• **Work item**: What is needed is an exact copy of all the lines below.

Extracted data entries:
= Beginning of Section =

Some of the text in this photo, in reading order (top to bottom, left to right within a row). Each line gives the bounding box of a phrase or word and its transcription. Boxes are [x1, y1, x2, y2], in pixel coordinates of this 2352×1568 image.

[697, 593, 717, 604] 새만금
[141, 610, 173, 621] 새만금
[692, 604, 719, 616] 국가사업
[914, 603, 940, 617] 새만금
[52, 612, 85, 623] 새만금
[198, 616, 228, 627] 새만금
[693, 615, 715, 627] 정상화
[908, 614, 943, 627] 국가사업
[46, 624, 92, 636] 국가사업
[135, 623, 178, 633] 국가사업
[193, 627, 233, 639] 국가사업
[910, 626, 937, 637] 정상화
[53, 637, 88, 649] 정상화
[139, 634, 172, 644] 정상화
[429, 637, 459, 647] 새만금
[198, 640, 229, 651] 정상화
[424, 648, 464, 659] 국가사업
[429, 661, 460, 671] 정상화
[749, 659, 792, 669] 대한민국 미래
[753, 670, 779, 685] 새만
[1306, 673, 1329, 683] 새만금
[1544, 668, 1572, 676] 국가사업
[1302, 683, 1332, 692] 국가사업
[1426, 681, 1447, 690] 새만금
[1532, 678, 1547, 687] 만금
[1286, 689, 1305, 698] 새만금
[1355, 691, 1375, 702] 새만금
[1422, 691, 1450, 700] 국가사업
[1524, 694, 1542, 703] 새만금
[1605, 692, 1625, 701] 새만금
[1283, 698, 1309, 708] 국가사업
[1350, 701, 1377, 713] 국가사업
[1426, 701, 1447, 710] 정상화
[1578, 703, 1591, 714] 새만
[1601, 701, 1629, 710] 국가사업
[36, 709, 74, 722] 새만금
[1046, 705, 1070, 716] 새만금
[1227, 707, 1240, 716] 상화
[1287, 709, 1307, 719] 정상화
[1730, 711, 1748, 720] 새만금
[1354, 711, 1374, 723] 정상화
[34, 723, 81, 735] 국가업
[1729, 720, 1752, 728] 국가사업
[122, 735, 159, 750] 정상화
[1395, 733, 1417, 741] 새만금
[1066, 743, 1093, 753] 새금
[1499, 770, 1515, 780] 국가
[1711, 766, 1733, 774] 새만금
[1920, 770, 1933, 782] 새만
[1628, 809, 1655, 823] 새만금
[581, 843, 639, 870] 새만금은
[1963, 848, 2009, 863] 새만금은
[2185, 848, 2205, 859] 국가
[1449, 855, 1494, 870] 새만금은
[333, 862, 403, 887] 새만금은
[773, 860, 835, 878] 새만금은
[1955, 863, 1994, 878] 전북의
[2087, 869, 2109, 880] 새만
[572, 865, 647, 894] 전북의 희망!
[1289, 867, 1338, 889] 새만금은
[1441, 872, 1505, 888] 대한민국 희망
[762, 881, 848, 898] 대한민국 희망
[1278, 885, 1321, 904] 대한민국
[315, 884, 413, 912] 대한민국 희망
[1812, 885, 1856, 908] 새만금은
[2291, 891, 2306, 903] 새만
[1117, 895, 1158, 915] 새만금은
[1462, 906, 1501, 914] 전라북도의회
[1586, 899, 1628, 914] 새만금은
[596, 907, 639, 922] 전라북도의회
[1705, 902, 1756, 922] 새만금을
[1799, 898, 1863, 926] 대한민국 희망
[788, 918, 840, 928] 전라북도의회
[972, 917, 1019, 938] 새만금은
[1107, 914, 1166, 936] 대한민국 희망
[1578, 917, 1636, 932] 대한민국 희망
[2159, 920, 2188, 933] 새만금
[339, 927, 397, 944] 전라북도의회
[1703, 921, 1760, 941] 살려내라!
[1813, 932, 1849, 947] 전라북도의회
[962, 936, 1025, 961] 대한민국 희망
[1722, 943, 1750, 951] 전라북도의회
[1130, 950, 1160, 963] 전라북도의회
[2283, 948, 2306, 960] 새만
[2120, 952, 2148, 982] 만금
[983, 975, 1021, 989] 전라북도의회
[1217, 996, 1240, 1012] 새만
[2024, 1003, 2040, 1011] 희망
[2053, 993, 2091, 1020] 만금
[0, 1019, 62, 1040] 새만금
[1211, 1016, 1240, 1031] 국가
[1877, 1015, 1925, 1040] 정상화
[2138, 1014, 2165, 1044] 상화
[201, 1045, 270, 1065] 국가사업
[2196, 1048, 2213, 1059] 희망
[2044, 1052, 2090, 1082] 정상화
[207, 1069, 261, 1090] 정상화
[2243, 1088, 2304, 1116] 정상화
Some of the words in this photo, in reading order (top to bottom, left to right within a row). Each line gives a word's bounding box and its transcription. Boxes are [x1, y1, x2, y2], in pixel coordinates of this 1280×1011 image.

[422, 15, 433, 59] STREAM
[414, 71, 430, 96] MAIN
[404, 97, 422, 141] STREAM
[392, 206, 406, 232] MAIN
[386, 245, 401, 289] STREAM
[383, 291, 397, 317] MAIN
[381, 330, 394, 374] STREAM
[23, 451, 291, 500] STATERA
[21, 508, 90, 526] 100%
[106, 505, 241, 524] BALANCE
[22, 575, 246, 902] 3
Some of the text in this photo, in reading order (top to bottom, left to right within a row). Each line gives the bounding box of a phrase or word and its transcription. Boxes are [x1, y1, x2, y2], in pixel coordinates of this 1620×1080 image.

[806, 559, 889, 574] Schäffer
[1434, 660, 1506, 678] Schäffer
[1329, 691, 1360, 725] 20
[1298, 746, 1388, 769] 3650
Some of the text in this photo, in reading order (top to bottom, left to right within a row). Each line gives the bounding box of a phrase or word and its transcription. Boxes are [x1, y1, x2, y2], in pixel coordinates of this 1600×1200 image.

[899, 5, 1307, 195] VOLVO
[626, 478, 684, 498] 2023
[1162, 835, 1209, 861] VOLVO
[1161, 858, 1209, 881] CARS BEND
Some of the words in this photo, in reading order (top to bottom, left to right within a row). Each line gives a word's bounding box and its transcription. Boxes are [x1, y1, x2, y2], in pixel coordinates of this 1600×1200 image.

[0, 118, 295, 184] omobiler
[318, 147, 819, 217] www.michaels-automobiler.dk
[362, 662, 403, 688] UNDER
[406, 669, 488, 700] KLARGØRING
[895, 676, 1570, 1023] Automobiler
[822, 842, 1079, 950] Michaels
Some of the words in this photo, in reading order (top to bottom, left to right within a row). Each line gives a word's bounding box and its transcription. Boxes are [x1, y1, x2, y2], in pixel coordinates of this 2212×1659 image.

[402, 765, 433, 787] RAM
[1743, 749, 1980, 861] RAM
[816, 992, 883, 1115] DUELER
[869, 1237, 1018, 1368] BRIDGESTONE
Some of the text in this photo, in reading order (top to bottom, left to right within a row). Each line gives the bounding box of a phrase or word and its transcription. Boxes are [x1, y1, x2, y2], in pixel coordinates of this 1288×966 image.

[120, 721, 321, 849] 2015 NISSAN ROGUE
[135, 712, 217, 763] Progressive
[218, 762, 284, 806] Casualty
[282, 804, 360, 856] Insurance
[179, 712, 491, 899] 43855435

= End of Section =

• **Result of the exercise**:
Some of the text in this photo, in reading order (top to bottom, left to right within a row). Each line gives the bounding box of a phrase or word and its transcription. Boxes are [x1, y1, x2, y2], in pixel coordinates of this 2352×1568 image.

[697, 593, 717, 604] 새만금
[141, 610, 173, 621] 새만금
[692, 604, 719, 616] 국가사업
[914, 603, 940, 617] 새만금
[52, 612, 85, 623] 새만금
[198, 616, 228, 627] 새만금
[693, 615, 715, 627] 정상화
[908, 614, 943, 627] 국가사업
[46, 624, 92, 636] 국가사업
[135, 623, 178, 633] 국가사업
[193, 627, 233, 639] 국가사업
[910, 626, 937, 637] 정상화
[53, 637, 88, 649] 정상화
[139, 634, 172, 644] 정상화
[429, 637, 459, 647] 새만금
[198, 640, 229, 651] 정상화
[424, 648, 464, 659] 국가사업
[429, 661, 460, 671] 정상화
[749, 659, 792, 669] 대한민국 미래
[753, 670, 779, 685] 새만
[1306, 673, 1329, 683] 새만금
[1544, 668, 1572, 676] 국가사업
[1302, 683, 1332, 692] 국가사업
[1426, 681, 1447, 690] 새만금
[1532, 678, 1547, 687] 만금
[1286, 689, 1305, 698] 새만금
[1355, 691, 1375, 702] 새만금
[1422, 691, 1450, 700] 국가사업
[1524, 694, 1542, 703] 새만금
[1605, 692, 1625, 701] 새만금
[1283, 698, 1309, 708] 국가사업
[1350, 701, 1377, 713] 국가사업
[1426, 701, 1447, 710] 정상화
[1578, 703, 1591, 714] 새만
[1601, 701, 1629, 710] 국가사업
[36, 709, 74, 722] 새만금
[1046, 705, 1070, 716] 새만금
[1227, 707, 1240, 716] 상화
[1287, 709, 1307, 719] 정상화
[1730, 711, 1748, 720] 새만금
[1354, 711, 1374, 723] 정상화
[34, 723, 81, 735] 국가업
[1729, 720, 1752, 728] 국가사업
[122, 735, 159, 750] 정상화
[1395, 733, 1417, 741] 새만금
[1066, 743, 1093, 753] 새금
[1499, 770, 1515, 780] 국가
[1711, 766, 1733, 774] 새만금
[1920, 770, 1933, 782] 새만
[1628, 809, 1655, 823] 새만금
[581, 843, 639, 870] 새만금은
[1963, 848, 2009, 863] 새만금은
[2185, 848, 2205, 859] 국가
[1449, 855, 1494, 870] 새만금은
[333, 862, 403, 887] 새만금은
[773, 860, 835, 878] 새만금은
[1955, 863, 1994, 878] 전북의
[2087, 869, 2109, 880] 새만
[572, 865, 647, 894] 전북의 희망!
[1289, 867, 1338, 889] 새만금은
[1441, 872, 1505, 888] 대한민국 희망
[762, 881, 848, 898] 대한민국 희망
[1278, 885, 1321, 904] 대한민국
[315, 884, 413, 912] 대한민국 희망
[1812, 885, 1856, 908] 새만금은
[2291, 891, 2306, 903] 새만
[1117, 895, 1158, 915] 새만금은
[1462, 906, 1501, 914] 전라북도의회
[1586, 899, 1628, 914] 새만금은
[596, 907, 639, 922] 전라북도의회
[1705, 902, 1756, 922] 새만금을
[1799, 898, 1863, 926] 대한민국 희망
[788, 918, 840, 928] 전라북도의회
[972, 917, 1019, 938] 새만금은
[1107, 914, 1166, 936] 대한민국 희망
[1578, 917, 1636, 932] 대한민국 희망
[2159, 920, 2188, 933] 새만금
[339, 927, 397, 944] 전라북도의회
[1703, 921, 1760, 941] 살려내라!
[1813, 932, 1849, 947] 전라북도의회
[962, 936, 1025, 961] 대한민국 희망
[1722, 943, 1750, 951] 전라북도의회
[1130, 950, 1160, 963] 전라북도의회
[2283, 948, 2306, 960] 새만
[2120, 952, 2148, 982] 만금
[983, 975, 1021, 989] 전라북도의회
[1217, 996, 1240, 1012] 새만
[2024, 1003, 2040, 1011] 희망
[2053, 993, 2091, 1020] 만금
[0, 1019, 62, 1040] 새만금
[1211, 1016, 1240, 1031] 국가
[1877, 1015, 1925, 1040] 정상화
[2138, 1014, 2165, 1044] 상화
[201, 1045, 270, 1065] 국가사업
[2196, 1048, 2213, 1059] 희망
[2044, 1052, 2090, 1082] 정상화
[207, 1069, 261, 1090] 정상화
[2243, 1088, 2304, 1116] 정상화
Some of the words in this photo, in reading order (top to bottom, left to right within a row). Each line gives a word's bounding box and its transcription. Boxes are [x1, y1, x2, y2], in pixel coordinates of this 1280×1011 image.

[422, 15, 433, 59] STREAM
[414, 71, 430, 96] MAIN
[404, 97, 422, 141] STREAM
[392, 206, 406, 232] MAIN
[386, 245, 401, 289] STREAM
[383, 291, 397, 317] MAIN
[381, 330, 394, 374] STREAM
[23, 451, 291, 500] STATERA
[21, 508, 90, 526] 100%
[106, 505, 241, 524] BALANCE
[22, 575, 246, 902] 3
Some of the text in this photo, in reading order (top to bottom, left to right within a row). Each line gives the bounding box of a phrase or word and its transcription. Boxes are [x1, y1, x2, y2], in pixel coordinates of this 1620×1080 image.

[806, 559, 889, 574] Schäffer
[1434, 660, 1506, 678] Schäffer
[1329, 691, 1360, 725] 20
[1298, 746, 1388, 769] 3650
Some of the text in this photo, in reading order (top to bottom, left to right within a row). Each line gives the bounding box of a phrase or word and its transcription. Boxes are [x1, y1, x2, y2], in pixel coordinates of this 1600×1200 image.

[899, 5, 1307, 195] VOLVO
[626, 478, 684, 498] 2023
[1162, 835, 1209, 861] VOLVO
[1161, 858, 1209, 881] CARS BEND
Some of the words in this photo, in reading order (top to bottom, left to right within a row). Each line gives a word's bounding box and its transcription. Boxes are [x1, y1, x2, y2], in pixel coordinates of this 1600×1200 image.

[0, 118, 295, 184] omobiler
[318, 147, 819, 217] www.michaels-automobiler.dk
[362, 662, 403, 688] UNDER
[406, 669, 488, 700] KLARGØRING
[895, 676, 1570, 1023] Automobiler
[822, 842, 1079, 950] Michaels
Some of the words in this photo, in reading order (top to bottom, left to right within a row). Each line gives a word's bounding box and its transcription. Boxes are [x1, y1, x2, y2], in pixel coordinates of this 2212×1659 image.

[402, 765, 433, 787] RAM
[1743, 749, 1980, 861] RAM
[816, 992, 883, 1115] DUELER
[869, 1237, 1018, 1368] BRIDGESTONE
Some of the text in this photo, in reading order (top to bottom, left to right within a row). Each line gives the bounding box of a phrase or word and its transcription. Boxes are [x1, y1, x2, y2], in pixel coordinates of this 1288×966 image.

[120, 721, 321, 849] 2015 NISSAN ROGUE
[135, 712, 217, 763] Progressive
[218, 762, 284, 806] Casualty
[282, 804, 360, 856] Insurance
[179, 712, 491, 899] 43855435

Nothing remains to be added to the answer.